The other area of interest regarding choline as a preventive agent for mental illness is work published by researchers at the University of Colorado Denver. This research group is proposing that choline may prevent the development of autism, attention-deficit/hyperactivity disorder, and schizophrenia by an epigenetic mechanism involving a nicotinic acetylcholine receptor. This makes perfectly good sense clinically among those of us who are treating patients with ND-PAE. Some of us are starting to think of ND-PAE as a choline deficiency disorder and see symptoms that are extremely similar to autism, ADHD, and schizophrenia in such patients. Many patients with ND-PAE are misdiagnosed with these disorders.
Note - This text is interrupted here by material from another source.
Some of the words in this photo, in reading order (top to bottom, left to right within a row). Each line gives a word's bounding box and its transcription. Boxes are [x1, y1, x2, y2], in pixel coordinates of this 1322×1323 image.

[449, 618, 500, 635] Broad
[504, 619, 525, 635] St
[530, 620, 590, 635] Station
Accordingly, there appears to be some common ground between ideas aimed at preventing fetal alcohol exposure and those aimed at preventing autism, ADHD, and schizophrenia – specifically, ensuring that pregnant women get an adequate supply of choline.
There is certainly a great need to do more research to nail down these two potential preventive actions. But until that research is done, it seems to me that the least we can do is to advocate for a position that the manufacturers of prenatal vitamins at least include the daily recommended dose of choline (450 mg/day) pregnant women need per the findings of the Institute of Medicine’s Standing Committee on the Scientific Evaluation of Dietary Reference Intakes and its Panel on Folate, Other B Vitamins, and Choline, published in 1998.
Dr. Bell is a staff psychiatrist at Jackson Park Hospital Family Medicine Clinic in Chicago; clinical psychiatrist emeritus, department of psychiatry, at the University of Illinois at Chicago; former president/CEO of Community Mental Health Council; and former director of the Institute for Juvenile Research (birthplace of child psychiatry), also in Chicago.